Ausdehnung täglicher Arbeitszeit
- Illustration
Vincent Brod
Wer an einzelnen Tagen länger arbeiten will, weil es die Forschungssituation so verlangt, stößt schnell an die Grenzen der gesetzlichen und tariflichen Regelungen. Doch wie ließe sich die Arbeitszeit im Einzelfall auf über zehn Stunden verlängern?
In der Wissenschaft gibt es regelmäßig außergewöhnliche Arbeitsphasen, in denen die Arbeitszeit, die standardmäßig auf acht Stunden pro Tag begrenzt ist, nicht ausreicht. In diesem Erprobungsfeld soll untersucht werden, welche Möglichkeiten es gibt, die Arbeitszeit in besonderen Fällen auf über zehn Stunden zu verlängern, um etwa Projektabschlüsse, Doktorarbeiten oder dringende Forschungsleistungen voranzubringen. Dabei soll die Ausdehnung nicht nur rechtlich legitimiert, sondern auch der langfristige Ausgleich durch Ruhezeiten gewährleistet werden. Besonders wichtig ist es dabei, gesundheitliche Risiken auszuschließen und solche Ausnahmefälle zu dokumentieren.
Erkenntnisinteressen
Auswirkungen auf die Ruhe- und Erholungszeit
Mögliche langfristige gesundheitliche Mehrbelastungen, erhöhte Unfallgefahr sowie messbare Entgrenzungseffekte
Realisierungschancen für einen individuellen Ausgleich an anderen Tagen
Bedarf an Sensibilisierungsmaßnahmen für Beschäftigte und Führungskräfte, um gesundheitlicher Beeinträchtigungen zu vermeiden
Dokumentierte forschungsbedingte Ausnahmeregelungen, z.B. Antrags- und Projektabschlussphase, Abschluss von Dissertationen, termingebundene Projektarbeit, Publikationsfristen, Forschungsbereiche mit Arbeiten an Mensch und Tier
Nutzung und Angemessenheit von Ausgleichszeiträumen
New Horizons — Zeitsouveränität und -flexibilität (ZuF)
Welche Grenzen sind bisher bekannt?
Arbeitsrechtliche Grenzen
Nach bisher gültiger Rechtsauffassung setzt das Arbeitszeitgesetz in § 3 ArbZG Grenzen: Die tägliche Arbeits-zeit der Beschäftigten darf 8 Stunden nicht überschreiten.

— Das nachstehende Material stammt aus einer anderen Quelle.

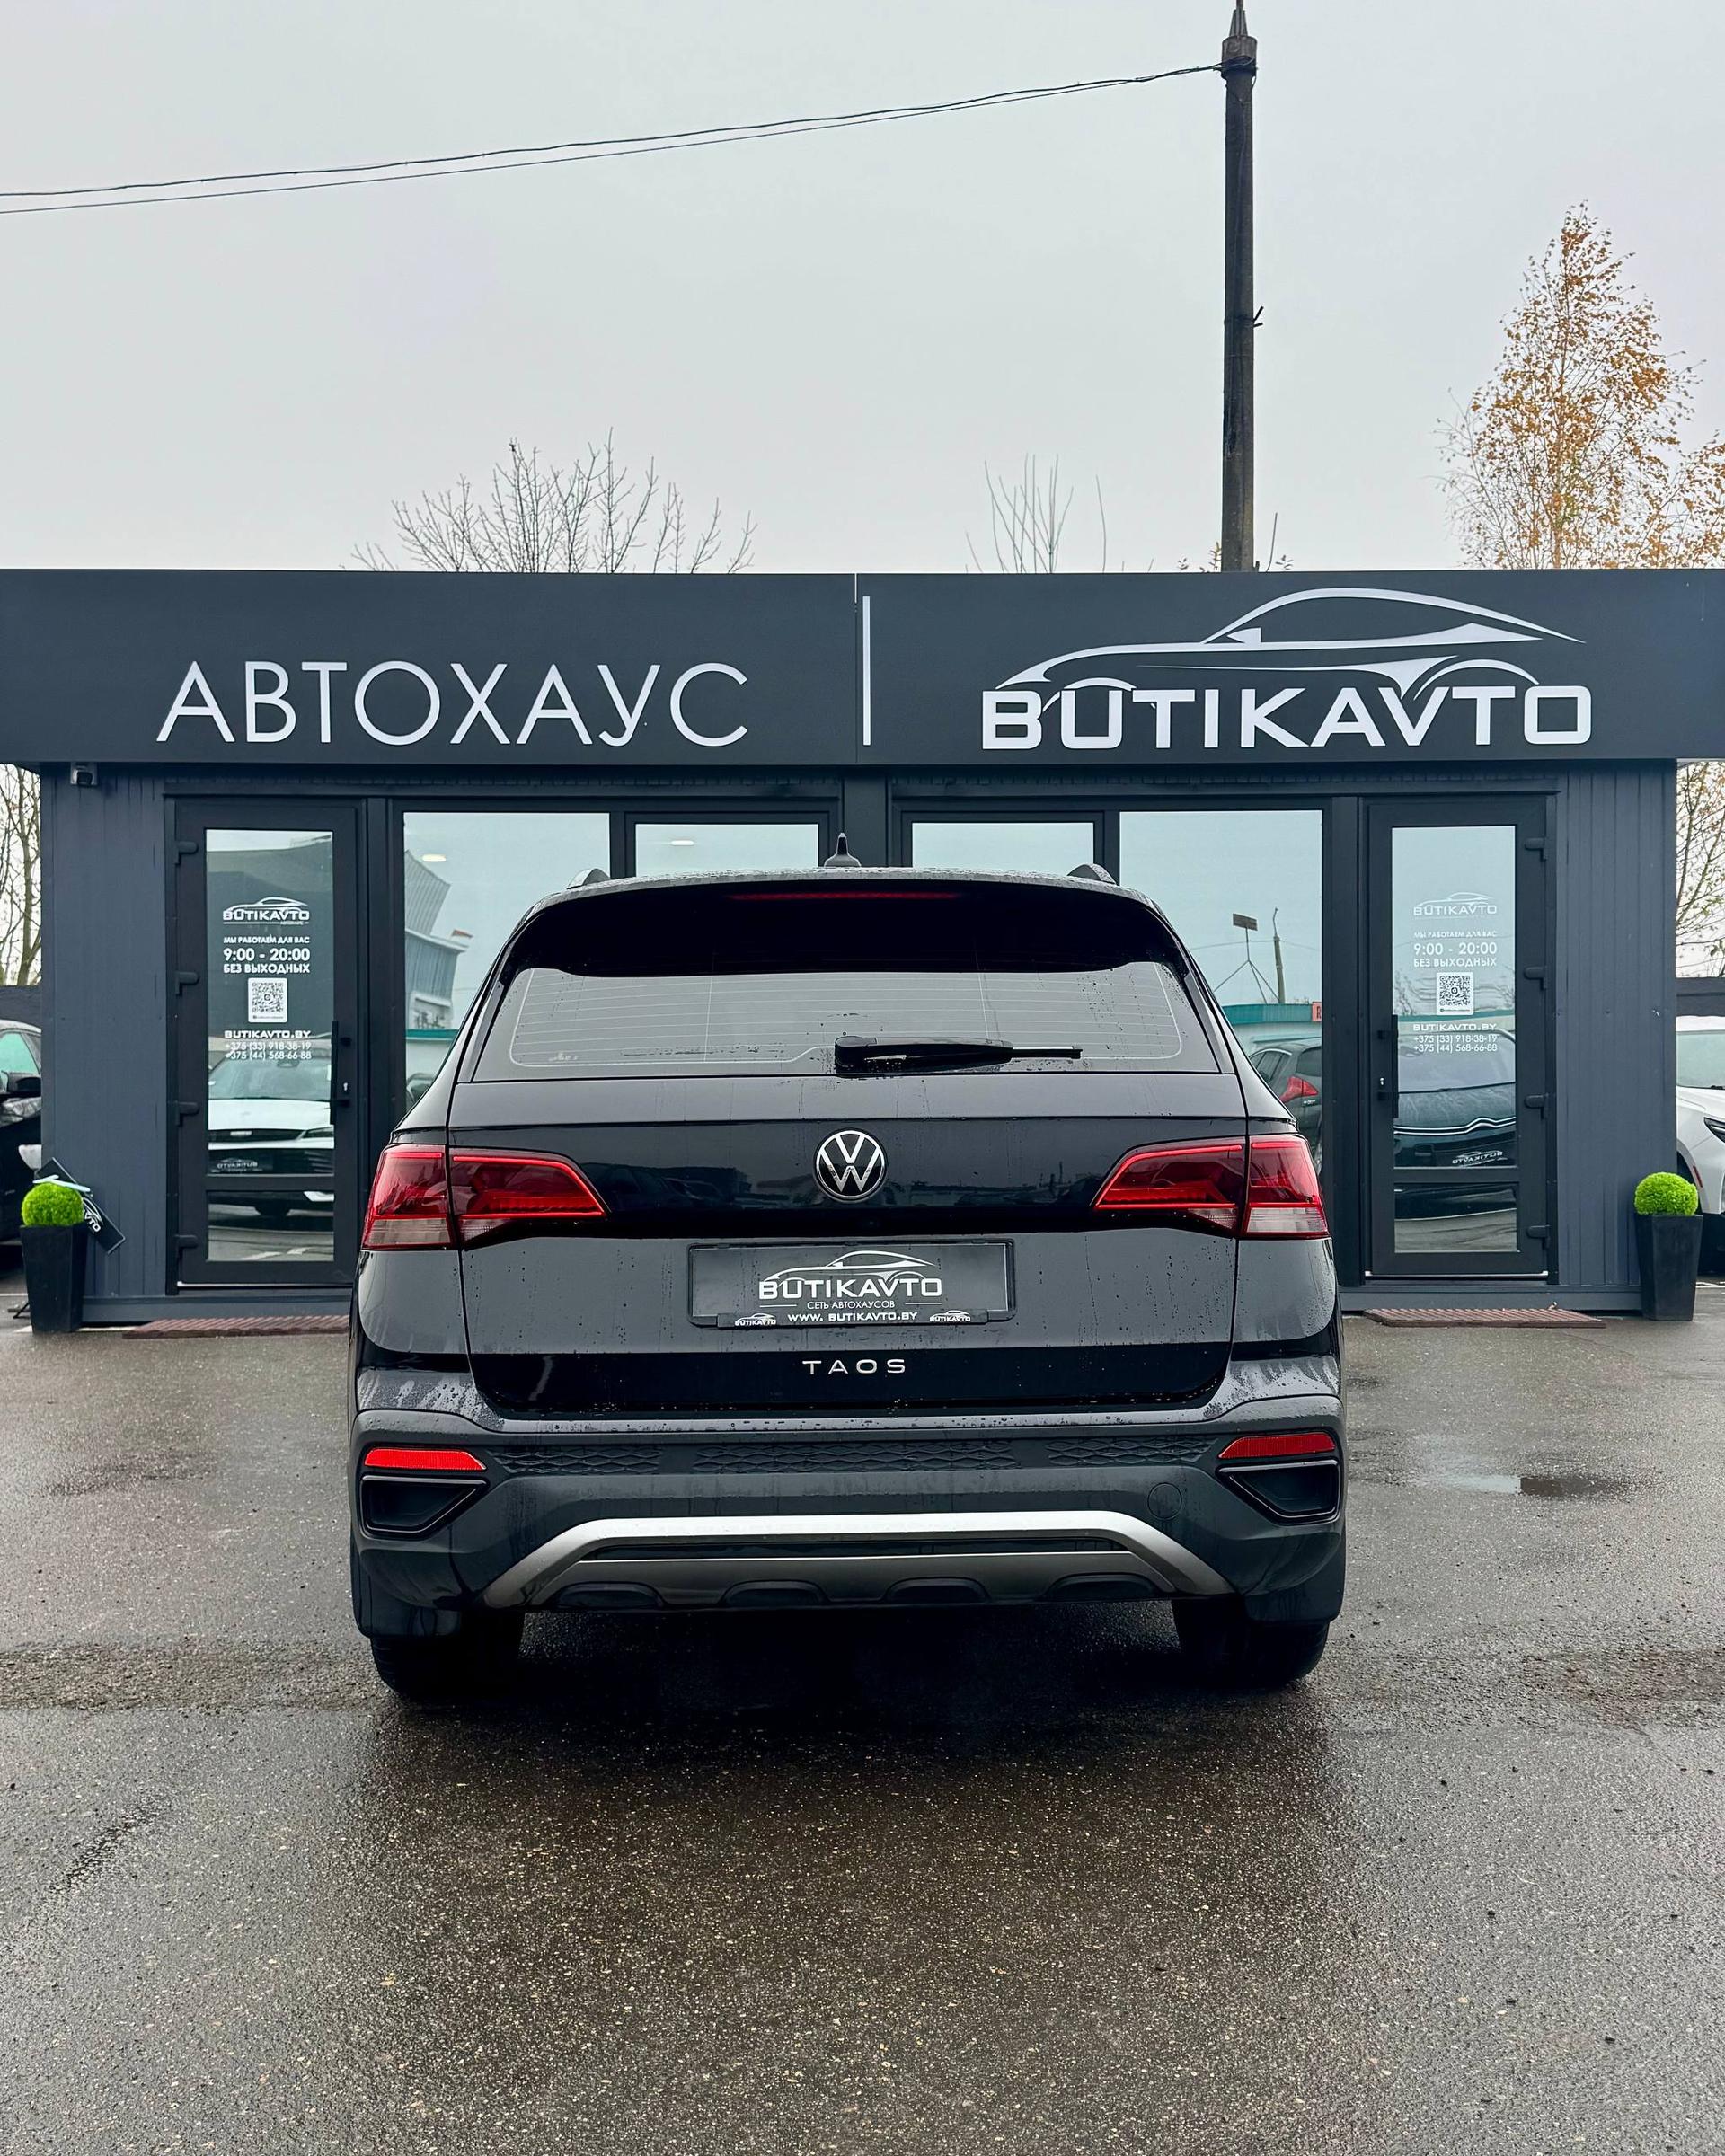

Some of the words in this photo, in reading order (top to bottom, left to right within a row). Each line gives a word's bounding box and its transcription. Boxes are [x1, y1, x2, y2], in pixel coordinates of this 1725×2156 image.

[156, 659, 748, 747] АВТОХАУС
[982, 685, 1591, 750] BUTIKAVTO
[1413, 905, 1497, 915] BUTIKAVTO
[223, 910, 310, 921] BUTIKAVTO
[1414, 943, 1444, 955] 9:00
[1459, 942, 1497, 955] 20:00
[223, 948, 255, 961] 9:00
[270, 948, 311, 961] 20:00
[1414, 958, 1430, 967] БЕЗ
[1434, 957, 1497, 968] ВЫХОДНЫХ
[223, 964, 242, 973] БЕЗ
[244, 963, 310, 974] ВЫХОДНЫХ
[1413, 1023, 1496, 1031] BUTIKAVTO.BY
[225, 1030, 311, 1038] BUTIKAVTO.BY
[1414, 1035, 1434, 1043] +375
[1437, 1035, 1453, 1045] (33)
[1455, 1035, 1497, 1043] 918-38-19
[249, 1042, 266, 1052] (33)
[1414, 1044, 1434, 1052] +375
[1437, 1043, 1453, 1053] (44)
[1455, 1043, 1497, 1052] 568-66-88
[249, 1051, 266, 1060] (44)
[269, 1050, 312, 1059] 568-66-88
[758, 1278, 942, 1300] BUTIKAVTO
[807, 1301, 829, 1310] СЕТЬ
[831, 1300, 896, 1309] АВТОХАУСОВ
[787, 1313, 824, 1322] WWW.
[828, 1312, 918, 1321] BUTIKAVTO.BY
[802, 1359, 907, 1374] TAOS

Die Ausdehnung auf bis zu 10 Stunden ist nur dann möglich, wenn innerhalb von 6 Kalendermonaten oder innerhalb von 24 Wochen im Durchschnitt acht Stunden werktäglich nicht überschritten werden.

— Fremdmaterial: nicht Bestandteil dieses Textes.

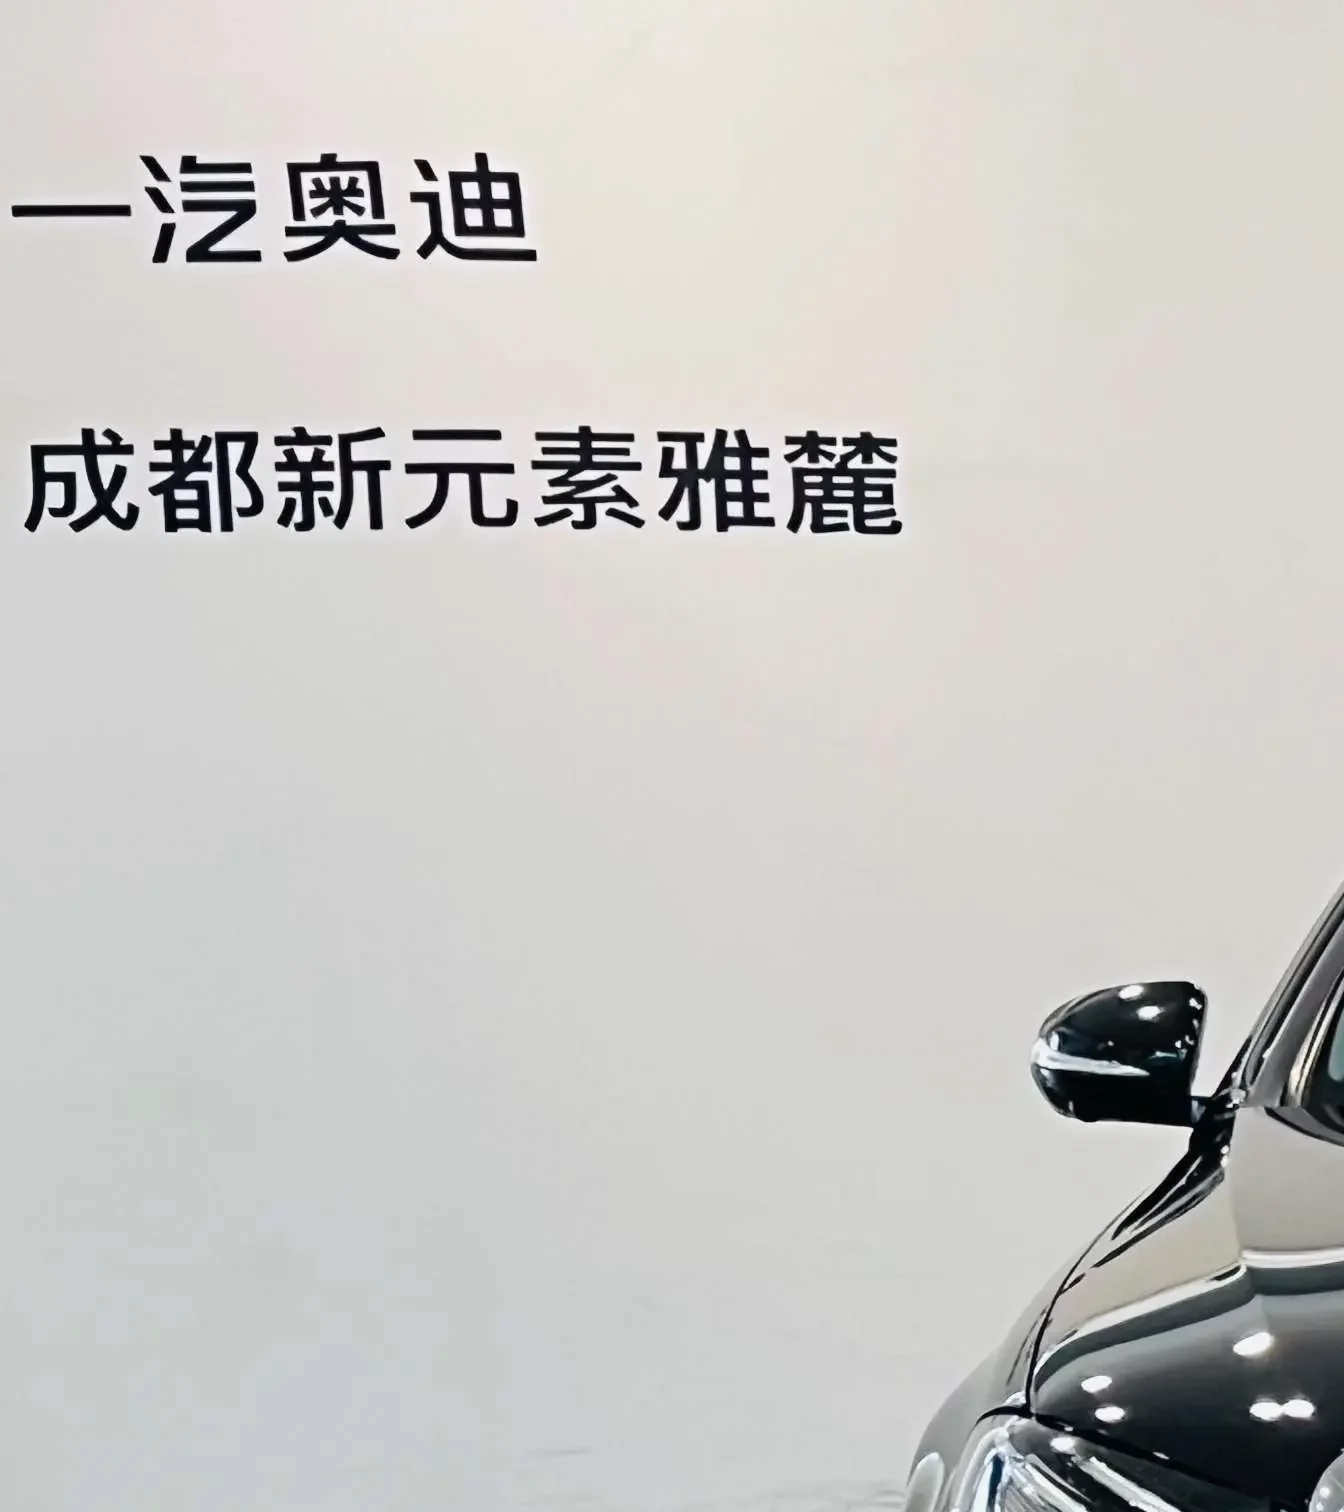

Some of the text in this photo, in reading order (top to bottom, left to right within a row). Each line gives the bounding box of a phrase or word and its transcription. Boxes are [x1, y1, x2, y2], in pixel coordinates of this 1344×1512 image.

[11, 152, 538, 264] 一汽奥迪
[23, 424, 904, 536] 成都新元素雅麓

Ausnahmen (> 10 Stunden) sind erlaubt in außergewöhnlichen Fällen (§ 14 ArbZG):
- Unabhängig vom Willen der Betroffenen und nicht auf andere Weise zu beseitigen
- Wenn Rohstoffe/Lebensmittel zu verderben oder Arbeitsergebnisse zu misslingen drohen
- Vorübergehend und nur für eine verhältnismäßig geringe Zahl von Arbeitnehmern
- Bei Forschung und Lehre
- Bei unaufschiebbaren Vor- und Abschlussarbeiten
- Sowie bei unaufschiebbaren Arbeiten zur Behandlung, Pflege und Betreuung von Personen / zur Behandlung und Pflege von Tieren an einzelnen Tagen
- Wenn innerhalb von 6 Kalendermonaten oder 24 Wochen max. 48 Stunden pro Woche im Durchschnitt gearbeitet wird
Faktoren, die zu einer besonderen Ermüdung führen können oder diese verhindern, sollen ermittelt werden. Dazu gehören die Art, Schwierigkeit, Dauer und die Häufigkeit von Pausen sowie der Ausgangszustand der Mitarbeitenden.

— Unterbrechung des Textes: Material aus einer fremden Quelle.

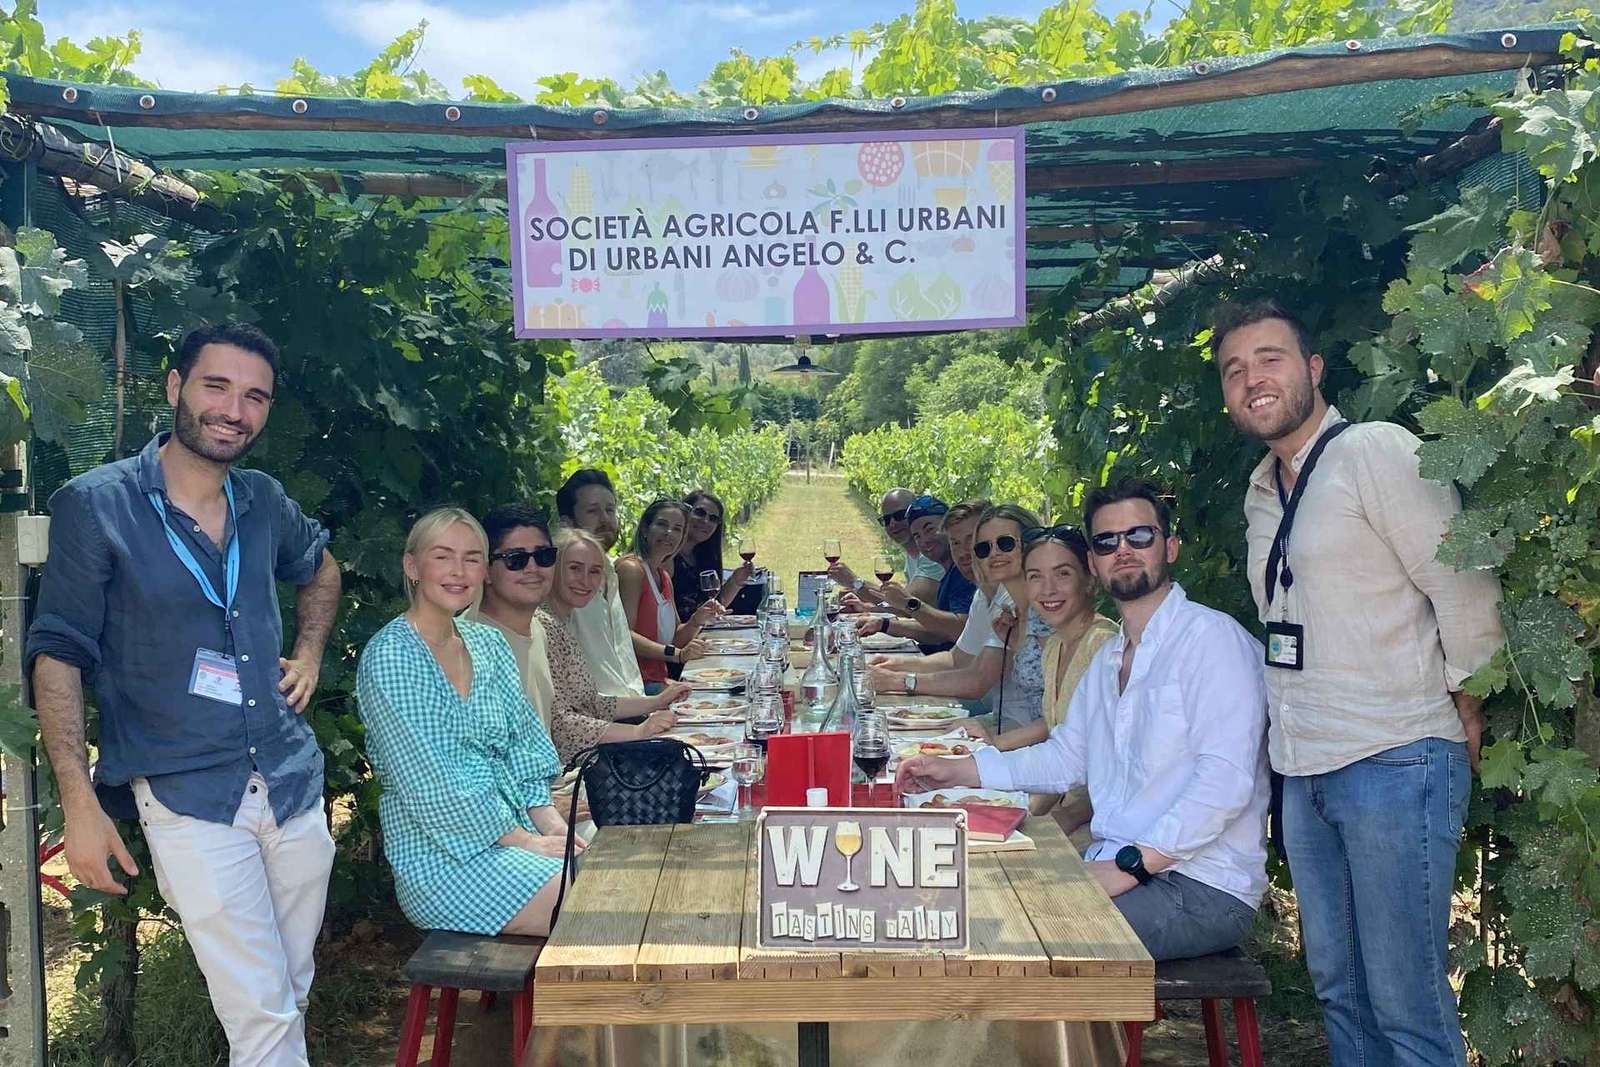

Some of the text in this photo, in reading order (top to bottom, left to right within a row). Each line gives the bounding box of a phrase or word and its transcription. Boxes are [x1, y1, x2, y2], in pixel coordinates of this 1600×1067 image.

[529, 204, 1006, 242] SOCIETÀ AGRICOLA F.LLI URBANI
[569, 239, 916, 271] DI URBANI ANGELO & C.
[774, 909, 874, 938] TASTING

Vor der Ausdehnung der täglichen Arbeitszeiten über diese Ausnahmen hinaus müsste daher das Arbeitszeitgesetz modernisiert werden.
Technische Grenzen
Die Erfassung ausgedehnter täglicher Höchstarbeitszeiten erfordert möglicherweise technische Umstellungen in vorhandenen Zeiterfassungssystemen. Beispielsweise müssten automatische Kappungsgrenzen verändert werden. Forschungseinrichtungen könnten demnach mit technischen Herausforderungen konfrontiert sein. Das gilt auch für Apps, die im Wesentlichen durch den Mitarbeitenden selbst genutzt werden und einsehbar sind. Zudem müssen im Zuge dessen Ausgleichszeiträume im jeweiligen Zeiterfassungssystem erfasst werden können, und auch Auswertungen der Arbeitszeit sollten möglich sein, um Differenzbeträge transparent zu machen.
Prozessuale Grenzen
- Eigenverantwortung selbstbestimmter Mitarbeitender
- Vermeidung von mitunter erheblichen bilanziellen Rückstellungen für den Arbeitgeber
Führungs- und teambezogene Grenzen
- Führungskräfte könnten Bedenken haben hinsichtlich ihrer persönlichen Verantwortung und Fürsorgepflicht
- Eine gegenseitige Negativspirale im Team könnte sich entwickeln.
Kulturelle Grenzen
- Bisher möglicherweise geduldete „Illegalität“ in der Praxis und Sogwirkungen durch Kolleg*innen oder Führungskräfte, die das eigene Verhalten beeinflussen
- Unausgesprochene Erwartungen an Erreichbarkeiten oder „Sonderschichten“, die als selbstverständlich erachtet werden
Steuerrechtliche Grenzen
- Nicht bekannt
Sozialversicherungsrechtliche Grenzen
- Nicht bekannt
Tarifvertragliche Grenzen
- Nicht bekannt
Gesundheitliche Grenzen
- Laut der Initiative Neue Qualität der Arbeit sind die Belastungen und die Risiken gesundheitlicher Beeinträchtigungen umso höher, je mehr die Arbeitszeiten über die vereinbarten Regelungen hinausgehen.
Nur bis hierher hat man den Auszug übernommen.